Quinta: até que o jogo acabe, não poderão
deixar este bar.

 

— Eu já estou indo, então.

Nona disse enquanto sorria e agarrava o braço de Chiyuki enquanto encarava Oculus. Oculus teria deixado um dos humanos ir para o Vazio, ou deixaria os três irem, sem pensar em amor, em sentimentos.

No entanto, as palavras de Chiyuki ainda vibravam dentro dele.

Como deixar que desistam se o que agarram é o amor? Como deixar que sejam falhas, da forma que você disse, se você não deixa que vivam a partir das suas escolhas? Você pode achar que não existe escolha, mas se sacrificar por alguém que ama, sem se importar com o que acontece com a sua própria vida, é a forma mais bela de dar significado a vida, porque foi por amor. Não amor por si mesmo ou a sua própria vida, mas por amar o próximo.

— Chiyuki-chan, ­— chamou-a, fazendo com que sua gerente e ela parassem antes de entrar no elevador que Clavis esperava-as. — Você se sacrificaria por Decim da mesma forma, não é?

A mulher de cabelos negros sorriu, sem nem pensar.

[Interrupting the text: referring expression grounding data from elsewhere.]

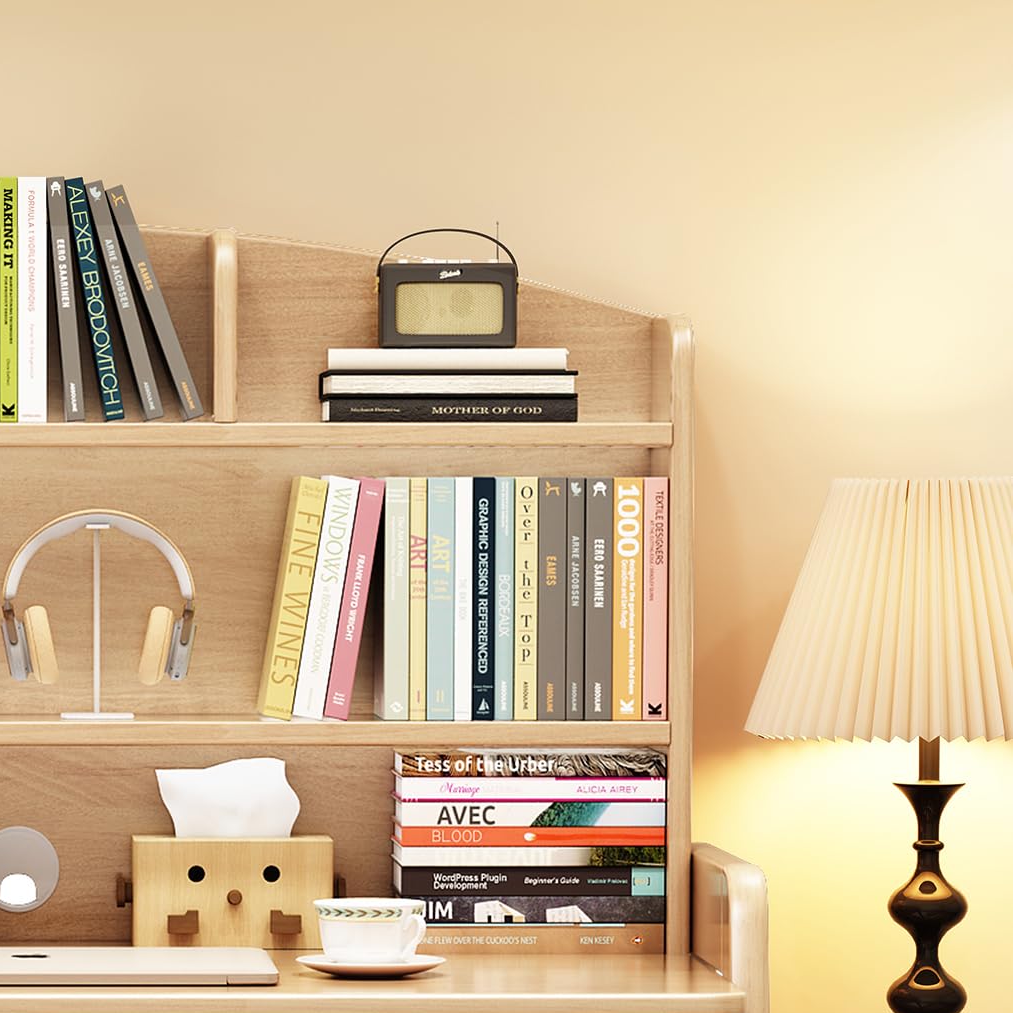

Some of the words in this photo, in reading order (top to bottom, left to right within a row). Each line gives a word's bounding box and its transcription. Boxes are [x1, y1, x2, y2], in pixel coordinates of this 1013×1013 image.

[3, 188, 14, 250] MAKING
[27, 190, 35, 228] FORMULA
[3, 253, 14, 269] IT
[27, 236, 35, 265] WORLD
[56, 239, 67, 261] EERO
[27, 266, 35, 312] CHAMPIONS
[59, 264, 71, 308] SAARINEN
[105, 239, 117, 262] ARNE
[111, 264, 131, 309] JACOBSEN
[137, 261, 154, 292] EAMES
[67, 185, 96, 264] ALEXEY
[83, 270, 121, 405] BRODOVITCH
[431, 406, 488, 415] MOTHER
[491, 406, 510, 415] OF
[513, 406, 543, 415] GOD
[478, 497, 489, 550] GRAPHIC
[521, 485, 533, 542] Over
[617, 484, 640, 558] 1000
[655, 490, 665, 521] TEXTILE
[288, 510, 321, 578] FINE
[320, 487, 353, 584] WINDOWS
[411, 534, 427, 573] ART
[571, 535, 580, 559] ARNE
[594, 538, 605, 561] EERO
[655, 522, 665, 566] DESIGNERS
[353, 553, 366, 582] FRANK
[432, 534, 450, 574] ART
[546, 555, 557, 586] EAMES
[478, 553, 489, 596] DESIGN
[521, 560, 531, 600] the
[571, 560, 580, 607] JACOBSEN
[593, 563, 605, 608] SAARINEN
[349, 581, 363, 609] LLOYD
[499, 574, 511, 638] BORDEAUX
[271, 590, 309, 687] WINES
[345, 608, 358, 643] WRIGHT
[477, 598, 489, 674] REFERENCED
[520, 614, 533, 662] Top
[415, 756, 451, 772] Tess
[455, 756, 473, 772] of
[476, 756, 504, 772] the
[508, 756, 555, 772] Urber
[440, 782, 481, 797] Marriage
[576, 786, 607, 794] ALICIA
[609, 786, 639, 794] AIREY
[437, 805, 496, 826] AVEC
[431, 830, 483, 843] BLOOD
[433, 873, 479, 882] WordPress
[481, 873, 507, 885] Plugin
[433, 882, 488, 891] Development
[524, 876, 559, 886] Beginner's
[560, 876, 580, 885] Guide
[435, 936, 453, 945] FLEW
[453, 936, 471, 945] OVER
[471, 936, 484, 945] THE
[485, 936, 519, 945] CUCKOO'S
[520, 936, 537, 945] NEST
[580, 936, 592, 945] KEN
[593, 936, 615, 945] KESEY

— Sim. Mais de uma vez, se fosse preciso.

As portas do elevador se fecharam, deixando Oculus sozinho, pensativo sobre as mudanças de Nona e sobre deixá-la fazer seu experimento. Ele havia perdido de propósito a partida de bilhar e, independente do julgamento, deixaria que fizesse o que planejava. O homem já estava cansado. A humanidade mudava, tinha escolha de fazer seus sacrifícios, por que os bonecos não poderiam ter também? Isso poderia arruiná-los, deixou claro para Nona.

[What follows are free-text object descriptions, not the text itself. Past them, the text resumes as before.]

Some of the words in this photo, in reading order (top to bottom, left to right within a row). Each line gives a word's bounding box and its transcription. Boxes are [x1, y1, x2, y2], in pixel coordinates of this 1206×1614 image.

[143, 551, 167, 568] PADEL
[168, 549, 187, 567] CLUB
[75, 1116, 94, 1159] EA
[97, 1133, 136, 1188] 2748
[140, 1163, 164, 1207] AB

Mas mesmo assim, ela não desistiu. Era somente um teste, dois de trezentos. Eram um número importante para os sete mil que morriam e precisavam de julgamento, mas poderia criar mais. Aumentar o espaço e trazer mais almas do Vazio.

Só dessa vez, não era sempre que precisava ceder a caprichos de bonecos e, principalmente, humanos. Esperaria, em sua curiosidade, para ver quem estava certo ou errado.

No mesmo instante, Nona ordenava a Clavis que parasse no vigésimo andar e buscasse Ginti. Eles desciam para o Quindecim quando o boneco de cabelos vermelhos disse:

— Impressionante como aquele idiota não faz seu trabalho direito, tsc — comentou, chamando atenção dos outros três. — Ele já deveria ter a julgado e a mandado para onde quer que fosse há muito tempo.

Contudo, embora dissesse isso, Ginti havia percebido que não existiam marcas de corrosão no corpo da humana. O que estava acontecendo e por qual motivo a humana de Decim estava com Nona?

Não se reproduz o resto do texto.